Río+20, la cumbre que no convenció

A escasos días de la celebración de Río+20, cuarta Cumbre de la Tierra de las Naciones Unidas, nuestro planeta parece seguir lejos de recuperarse de todos sus males. Los movimientos sociales desconfían de la economía verde y muchos gobiernos han quedado insatisfechos con los acuerdos adoptados.

Dos décadas después de la primera Cumbre de la Tierra (Conferencia de Naciones Unidas sobre Desarrollo Sostenible) seguimos buscando el camino. Parece que el hombre del siglo XXI no tiene muy claro qué hacer para que todas las piezas del puzle –economía, medio ambiente, desarrollo social- encajen.

De eso ha tratado Río+20, la cuarta Cumbre de la Tierra de la historia: de “sentar las bases de un mundo de prosperidad, paz y sustentabilidad”. En el eje central de la cita, que ha tenido lugar entre el 20 y el 22 de junio, dos cuestiones: la economía verde o ecológica y la creación de un marco institucional para el desarrollo sostenible.

Cosas buenas, cosas malas

Tal y como informaba hace unos días la agencia de noticias EFE, unos 190 países han adoptado en Río de Janeiro un documento titulado El futuro que queremos. El objetivo es impulsar los llamados Objetivos de Desarrollo Sostenible (ODS). Un comité formado por 30 expertos de todo el mundo definirá hasta 2014 los medios de financiación para alcanzarlos.

Pero, si bien la convocatoria Río+20 ha sido todo un éxito de participación, no se puede decir que en Brasil haya llovido a gusto de todos durante la cumbre. Muchos gobiernos y ONG consideran que Río+20 no ha hecho nada más que quedarse en la superficie de los problemas. Todo se reduce, según ellos, a buenas intenciones. Y como no hay obligación de ningún tipo, pues algunos países se han ido tan contentos.

Uno de los puntos que más desconfianza ha generado entre los movimientos sociales es el de la economía verde. A pesar de las bondades del concepto como tal, hay quienes temen que esta corriente económica derive en un capitalismo verde que mercantilice la naturaleza. Lo consideran una maniobra para “meter en el mercado los bienes comunes de la humanidad”. El hecho de que en esta última edición haya habido una participación tan elevada por parte del sector empresarial no ha hecho más que alimentar la sospecha.

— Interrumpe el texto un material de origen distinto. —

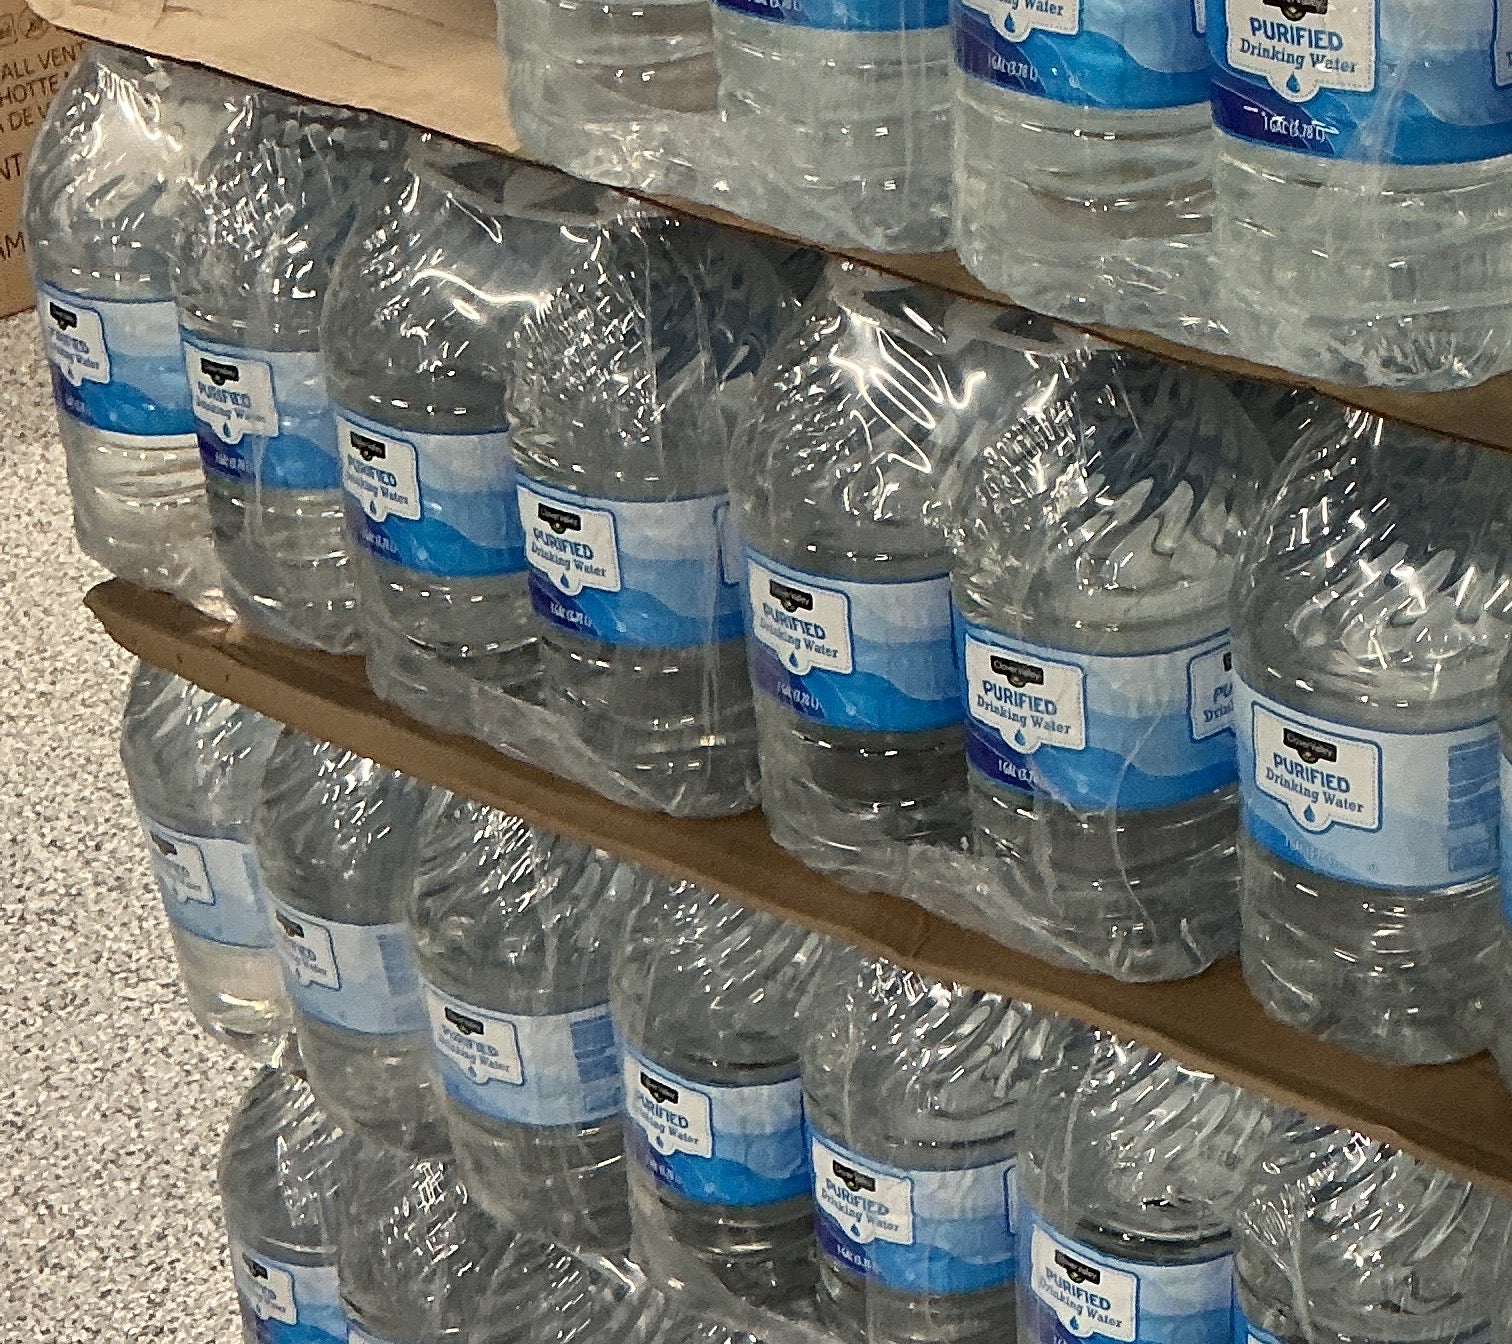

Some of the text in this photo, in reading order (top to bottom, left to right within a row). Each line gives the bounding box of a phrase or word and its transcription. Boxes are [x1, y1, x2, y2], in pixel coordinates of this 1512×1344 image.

[1249, 17, 1343, 52] PURIFIED
[1239, 37, 1358, 74] Drinking Water
[531, 545, 608, 578] Drinking Water
[533, 527, 594, 560] PURIFIED
[762, 602, 827, 641] PURIFIED
[803, 638, 840, 659] Water
[976, 695, 1072, 735] Drinking Water
[982, 679, 1058, 716] PURIFIED
[1265, 767, 1365, 814] Drinking Water
[1273, 752, 1350, 794] PURIFIED
[826, 1177, 890, 1216] PURIFIED
[866, 1211, 900, 1233] Water
[1038, 1278, 1123, 1329] Drinking Water
[1046, 1267, 1111, 1312] PURIFIED
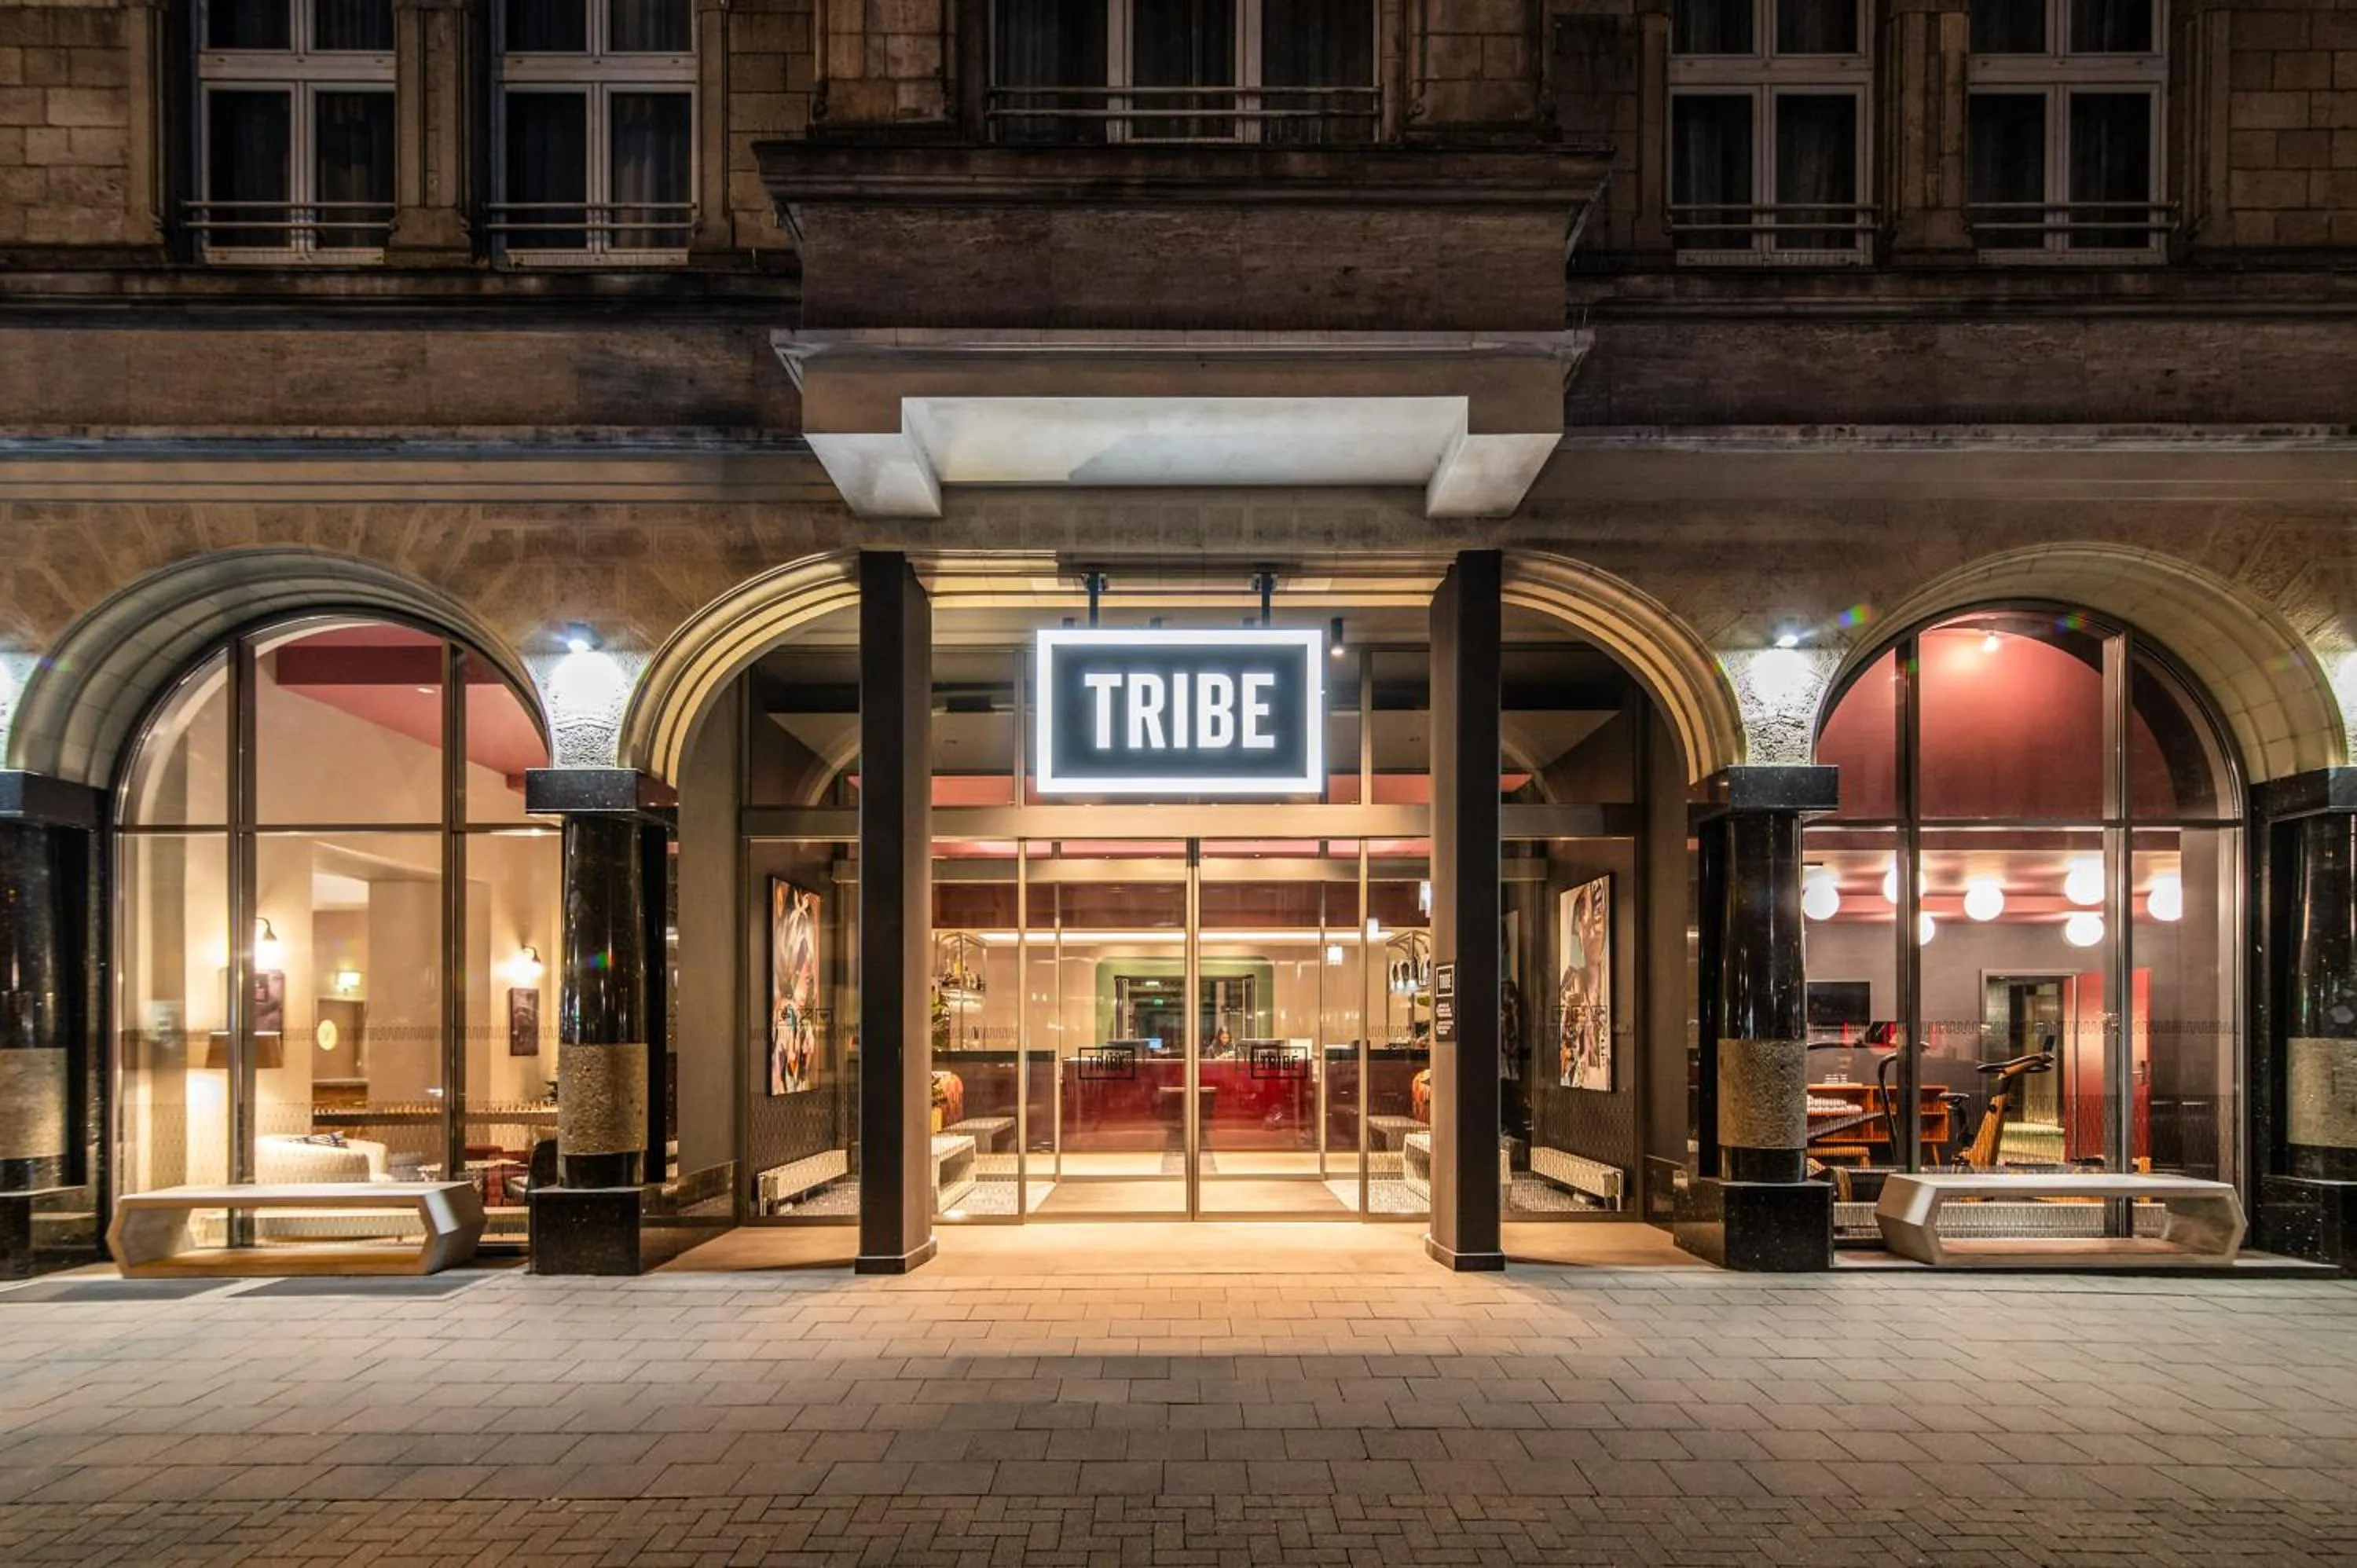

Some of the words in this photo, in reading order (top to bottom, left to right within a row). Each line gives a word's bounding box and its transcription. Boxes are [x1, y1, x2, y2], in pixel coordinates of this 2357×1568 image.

[1083, 673, 1276, 749] TRIBE
[1087, 1055, 1126, 1071] TRIBE
[1260, 1055, 1299, 1071] TRIBE

Hablando de empresas, de los 283 párrafos de la declaración presentada, se pueden extraer varios apartados interesantes. Las compañías, por ejemplo, deberían comenzar a prestar más atención a asuntos tan simples como la redacción de informes de sostenibilidad.

Más allá del PIB

Otro de las notas destacadas de Río+20 es el proyecto de creación de un nuevo indicador de riqueza que no se base única y exclusivamente en el Producto Interior Bruto de las naciones. El nuevo quedaría constituido también por datos sociales y ambientales. En Río+20 se han presentado varias alternativas, entre ellas el Índice de Enriquecimiento Inclusivo (IWI) y el Índice de Desarrollo Humano Sostenible.